147: Cauchy Integral Formula

Suppose \Omega \subset \mathbb{C} is open, f: \Omega \rightarrow \mathbb{C} be holomorphic, and C \subset \Omega be the boundary of a disk as a curve with positive (counterclockwise) orientation. Then where z belongs to the interior of this disk,

f(z) = \frac{1}{2 \pi i} \int _C \frac{f(w)}{w - z} dw.

That is, the value of f on the interior of the disk is completely determined by its values on the boundary of the disk. This is really cool!

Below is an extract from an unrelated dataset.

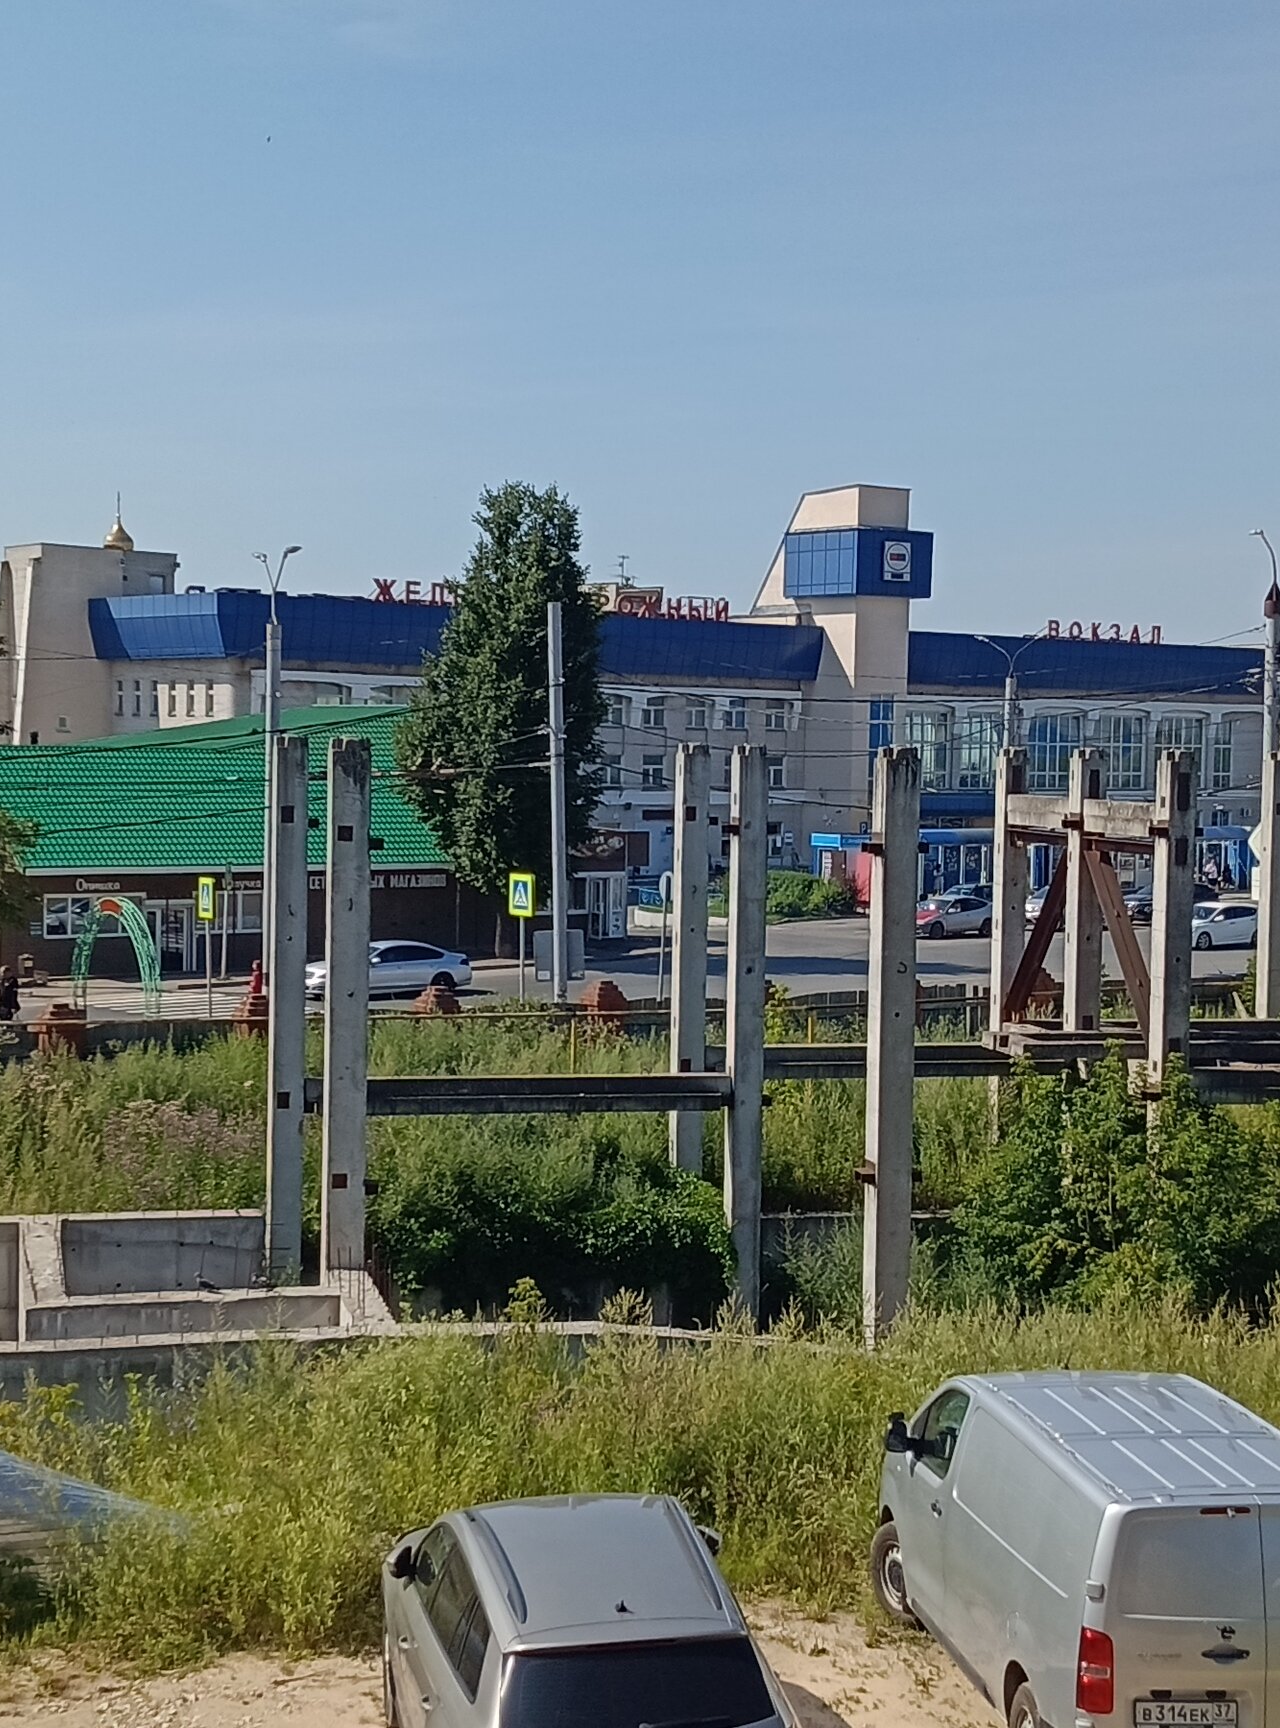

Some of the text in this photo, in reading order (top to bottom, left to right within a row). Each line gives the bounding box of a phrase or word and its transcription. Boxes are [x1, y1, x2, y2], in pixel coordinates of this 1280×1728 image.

[1047, 619, 1161, 645] ВОКЗАЛ
[1142, 1703, 1231, 1722] В314ЕК 37

145: Cauchy’s Theorem (Complex Analysis)

Let \Omega be an open subset of \mathbb{C}, \gamma \subset \Omega be a closed curve whose interior is contained in \Omega, and f: \Omega \rightarrow \mathbb{C} be holomorphic. Then Cauchy’s Theorem states that

\int _{\gamma} f(z) dz = 0.

143: Complex Integrals Over Curves With Identical Sets but Opposite Orientation

Given a curve \gamma, let \gamma ^{-} be the curve which covers the same subset of \mathbb{C} as \gamma, but has opposite orientation (goes in the other direction). Then

\int_{\gamma^{-}} f(z) dz = - \int_{\gamma} f(z) dz,

assuming the integral over \gamma exists in the first place. So reversing the direction of a curve just reverses the sign of an integral over that curve.

138: Projected Circles on the Reimann Sphere

Under the Reimann Sphere projection, circles on the sphere are mapped to “circles” in the extended complex plane \mathbb{C}^*.

The quotes are because every line in \mathbb{C}^* is mapped to by a circle on the Reimann Sphere passing through the north pole \mathcal{N}. So in this view, lines in \mathbb{C} are just circles in \mathbb{C}^*.